PICK COLMA: THE MUSICAL A year after premiering at Outfest, director Richard Wong and
screenwriter/composer H.P. Mendoza’s exuberant, shot-on-DV
micro-musical returns for a short engagement and, if anything, seems
that much better in the wake of this summer’s listless Hairspray
. The story is simple enough: Three recent high school
graduates — aspiring actor Billy (Jake Moreno),
gay-but-not-out-to-his-parents Rodel (Mendoza) and lovelorn party girl
Maribel (L.A. Renigen) — contemplate their exit strategies from the
titular San Francisco bedroom community while pining for somebody to
love and, periodically, breaking into songs about everything from
small-town anomie to crashing collegiate parties. When a movie is
praised for having a vivid sense of place, that place is usually
something exotic — the deserts of
Lawrence of Arabia
or the period Los Angeles of
Chinatown
. But no less notable, in its way, is
Colma: The Musical
’s acute immersion into a fog-encrusted suburbia marked
by more funeral plots than living residents, where In-N-Out Burger is
what passes as fine dining: Is it any wonder Billy, Rodel, et al. can’t
wait to escape? What the movie lacks in visual finesse it more than
makes up for in joyous performances by a cast of unknowns and in
Mendoza’s infectiously poppy song score, which puts most recent
Broadway behemoths to shame in the simplicity of its arrangements and
the cleverness of its lyrics. Among the standouts: the rousing sea
shanty in which a barroom full of lonely singles bid adieu to past
flames; and the musical-within-a-musical
Friend Joseph
, a sharp parody of the moribund musical-theater mainstays that
Colma: The Musical  never risks becoming.
(Sunset 5) 
(Scott Foundas)

THE CIVILIZATION OF MAXWELL BRIGHT Given to misogynistic outbursts that border on the psychotic, Maxwell Bright (Patrick Warburton) is as unlikable as movie heroes come, yet director David Beaird insists there is Zen within this modern Neanderthal.

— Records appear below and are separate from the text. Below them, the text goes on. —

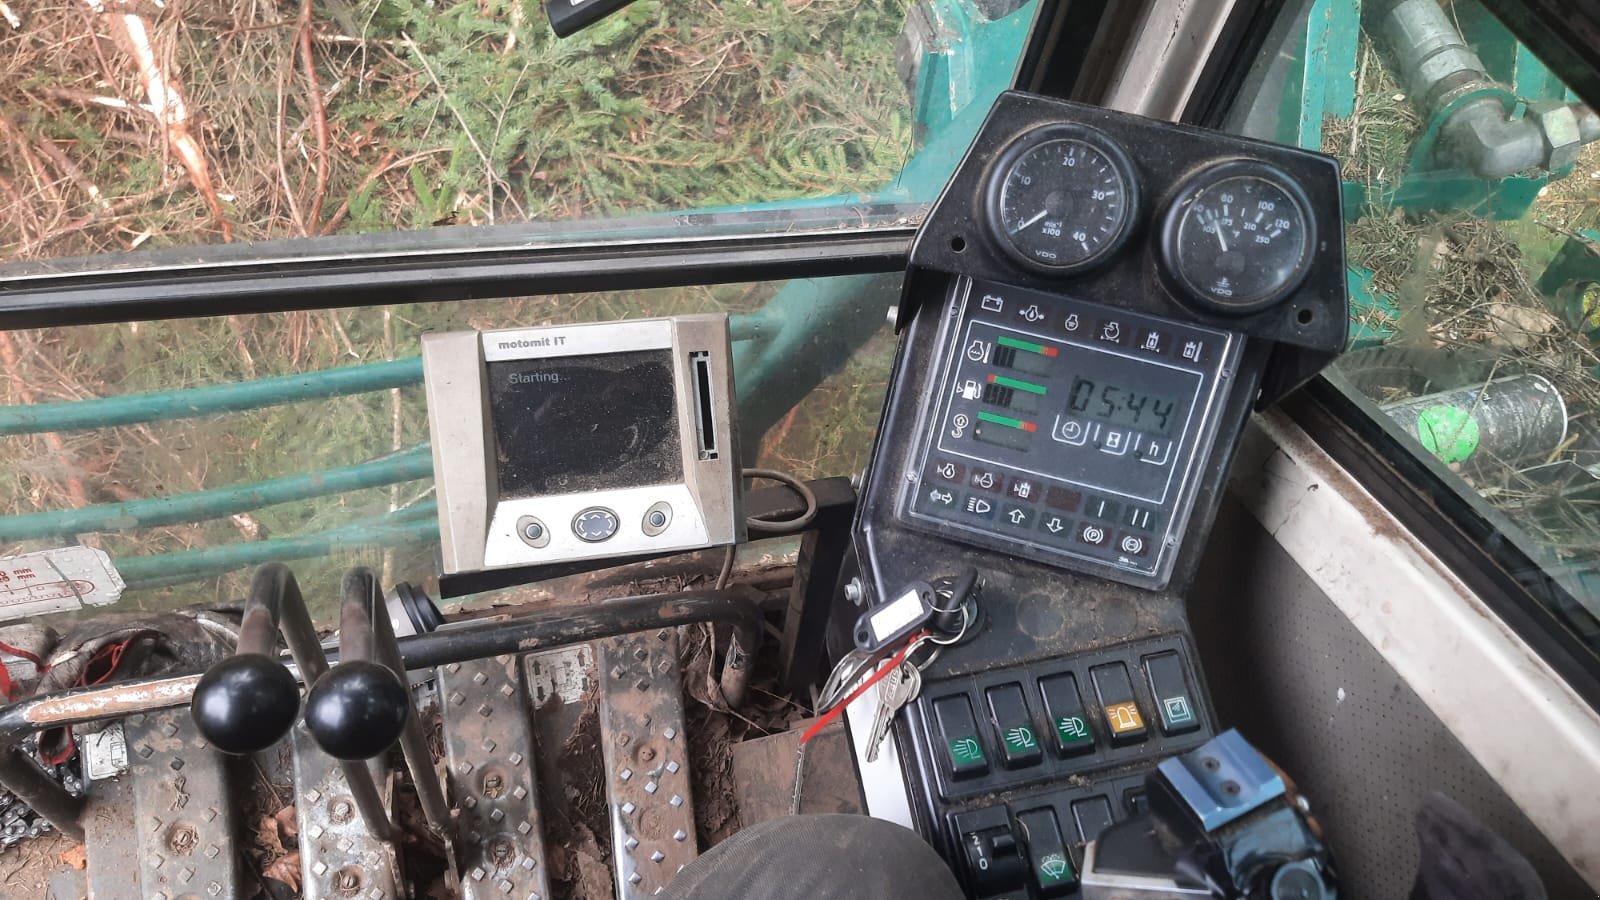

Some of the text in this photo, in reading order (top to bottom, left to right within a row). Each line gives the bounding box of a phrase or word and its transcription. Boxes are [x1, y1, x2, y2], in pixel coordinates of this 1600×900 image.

[1062, 157, 1075, 166] 20
[1020, 175, 1031, 185] 10
[1092, 190, 1105, 200] 30
[1258, 201, 1275, 211] 100
[1243, 222, 1256, 231] 210
[1275, 219, 1290, 229] 120
[1073, 231, 1086, 242] 40
[1255, 235, 1270, 244] 250
[1035, 250, 1057, 259] VDO
[1210, 287, 1233, 296] VDO
[498, 336, 566, 349] motomit IT
[1070, 379, 1174, 429] 05:44
[972, 835, 988, 870] 2 1 0
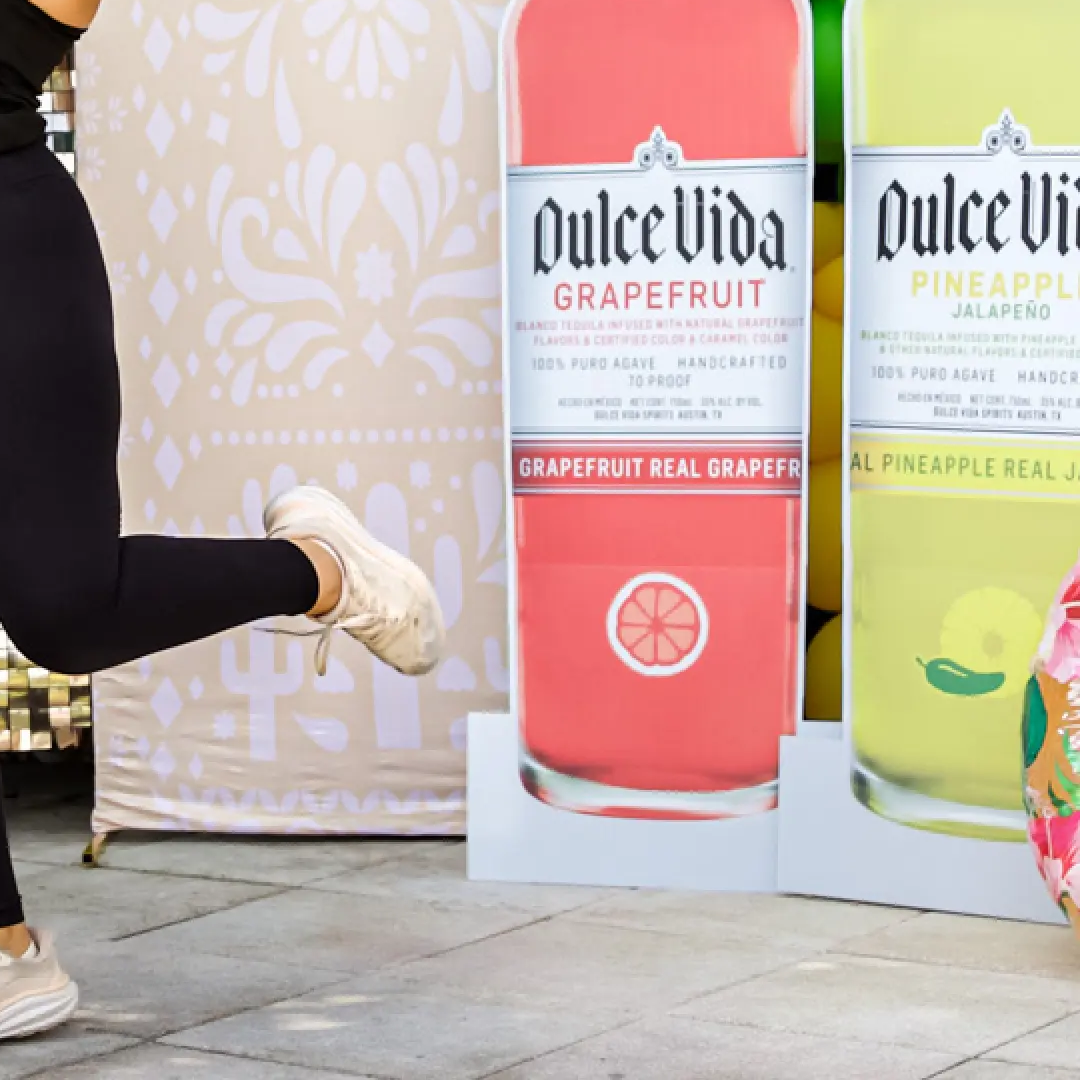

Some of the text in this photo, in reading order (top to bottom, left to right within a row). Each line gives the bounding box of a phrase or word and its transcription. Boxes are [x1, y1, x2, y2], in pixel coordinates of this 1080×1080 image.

[877, 171, 1080, 262] Dulce Vi
[533, 185, 786, 276] Dulce Vida
[554, 279, 766, 311] GRAPEFRUIT
[911, 270, 1080, 300] PINEAPPL
[952, 300, 1051, 321] JALAPEÑO
[571, 357, 607, 370] PURO
[613, 356, 655, 370] AGAVE
[677, 355, 787, 369] HANDCRAFTED
[911, 367, 947, 381] PURO
[952, 368, 995, 382] AGAVE
[648, 374, 692, 388] PROOF
[519, 457, 643, 478] GRAPEFRUIT
[650, 457, 700, 478] REAL
[882, 453, 995, 478] PINEAPPLE
[1004, 457, 1056, 481] REAL
[1063, 461, 1080, 482] J
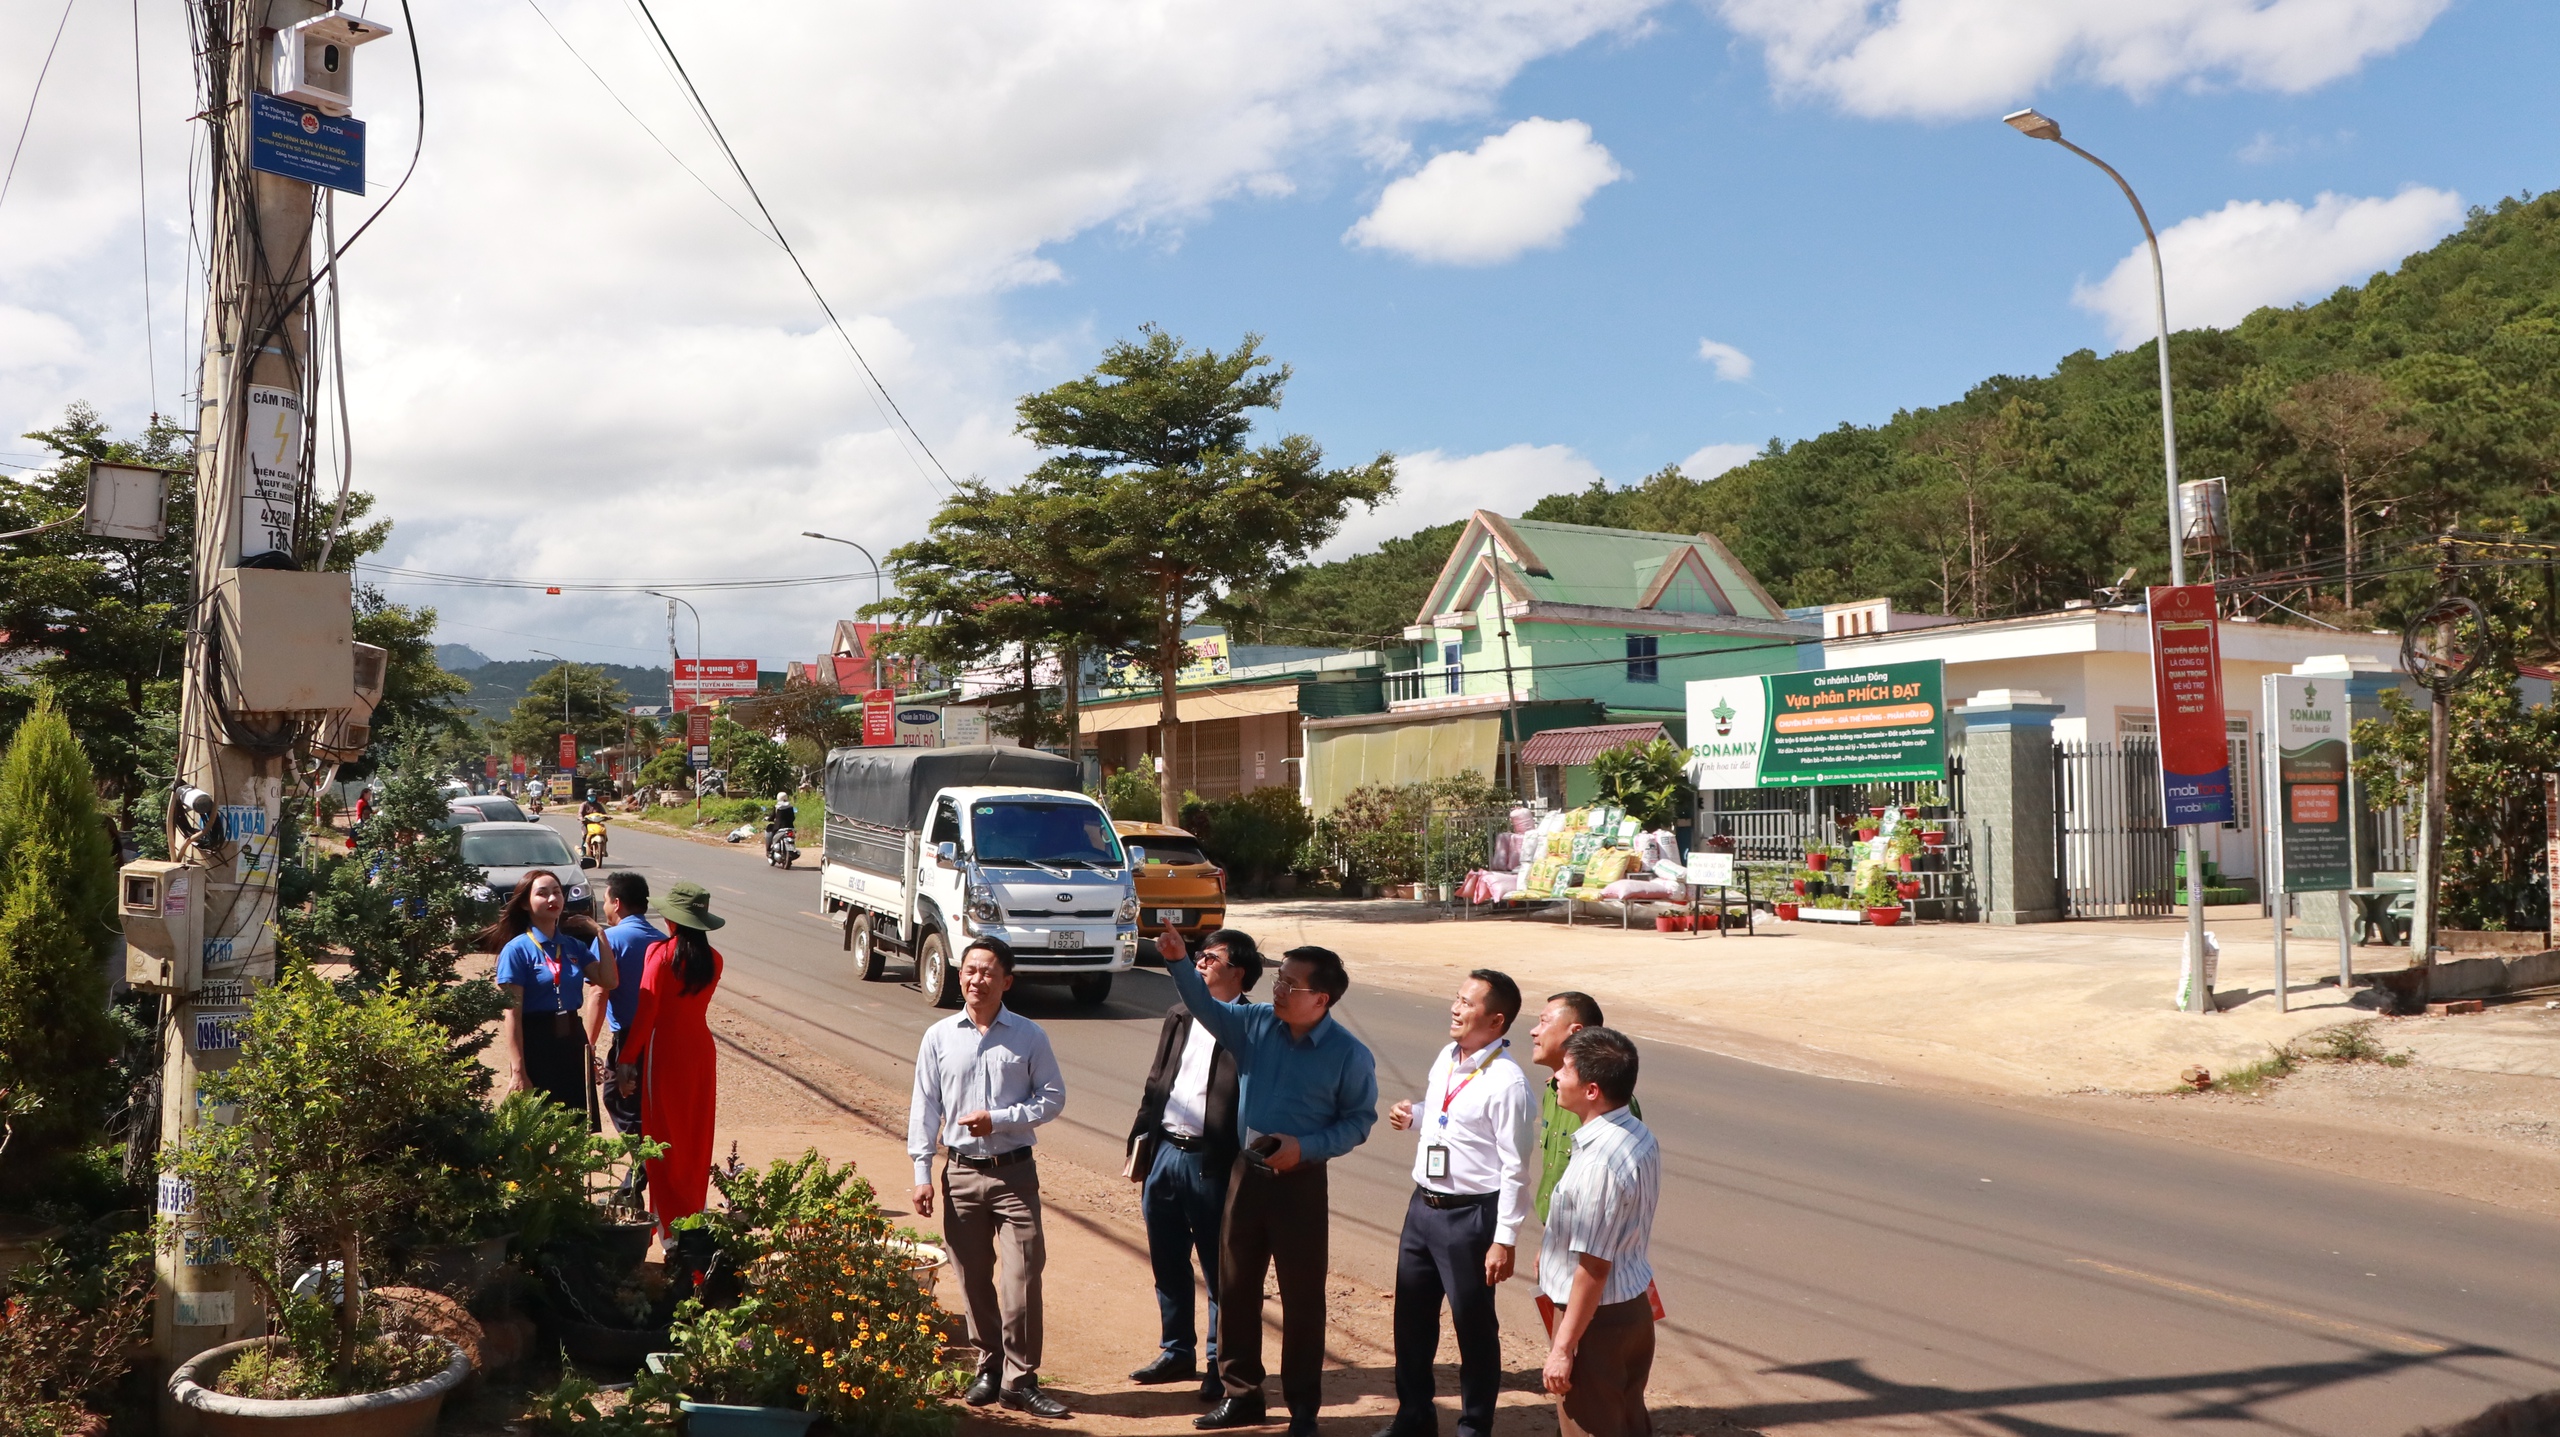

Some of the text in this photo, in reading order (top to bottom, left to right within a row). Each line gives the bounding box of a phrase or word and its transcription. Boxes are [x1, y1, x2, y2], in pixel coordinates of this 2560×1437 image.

[254, 390, 278, 406] CẤM
[278, 471, 290, 480] CAO
[2178, 658, 2195, 666] CÔNG
[707, 666, 733, 674] quang
[2169, 670, 2207, 679] QUAN TRỌNG
[1814, 672, 1888, 686] Chi nhánh Lâm Đồng
[1785, 682, 1922, 710] Vựa phân PHÍCH ĐẠT
[2178, 705, 2195, 713] CÔNG
[2290, 708, 2332, 721] SONAMIX
[924, 730, 935, 747] BÒ
[1694, 742, 1757, 757] SONAMIX
[1717, 762, 1729, 770] hoa
[2169, 783, 2226, 796] mobifone
[1060, 932, 1074, 940] 65C
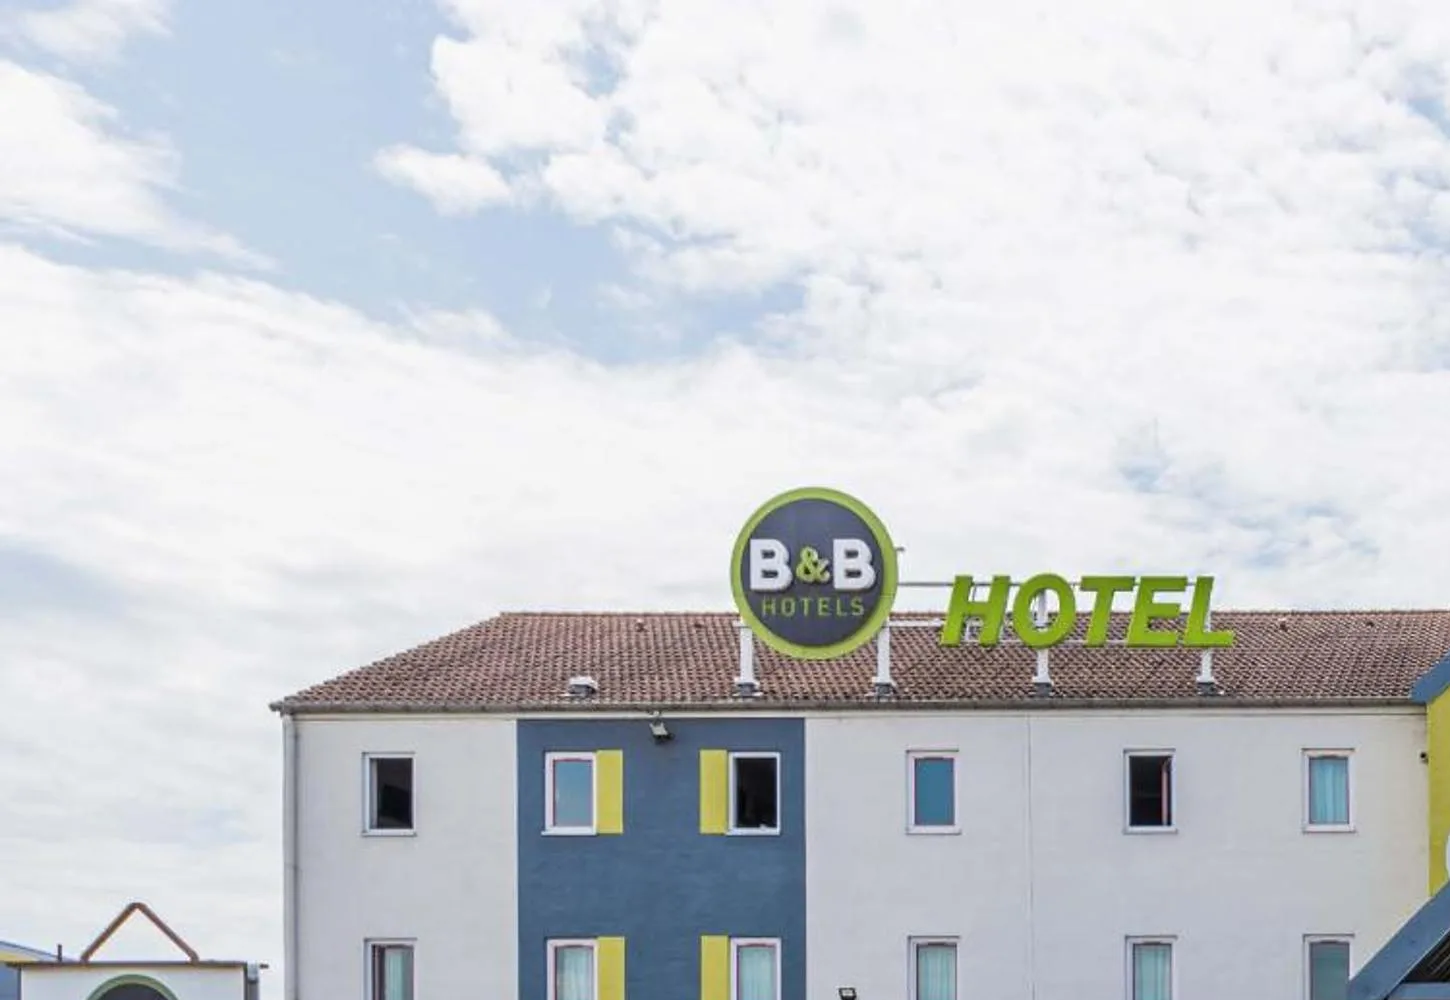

In the kind of East-teaches-West plot scheme that Hollywood finds irresistible, Bright’s “civilization” comes in the form of Mai Ling (Marie Matiko), a Chinese mail-order bride who introduces Bardo to the beast. As late-stage cancer engulfs Bright’s body, Mai Ling deflects his tantrums by selflessly showering him with spiritual and sexual healing in what she considers an act of devotion to Buddha. Beaird wants to show the redemptive power Buddhism holds for even the most unredeemable people, yet one can’t help but read his film as an affirmation of the quick-fix spirituality Americans love: Remember, no matter how reprehensible your life’s work, you can always reach for dharma on your deathbed. (Obtaining a stunning geisha willing to wash your balls, on the other hand, is a stroke of luck that exists only in the film’s masochistic fantasy world.) Maxwell Bright’s truest moment comes not at its tritely tranquil finish, but when we catch our hero napping in the cheap casket he’s ordered in anticipation of his own death. “Buddha advised us to think on death and imagine our coffin,” encourages a serene Mai Ling as Bright pulls on a cigarette and stares dumbly into infinity. Despite all his efforts to refuse it, the savage stumbles on Zen in a blaze of pure boorishness. (Grande 4-Plex) (Sam Sweet)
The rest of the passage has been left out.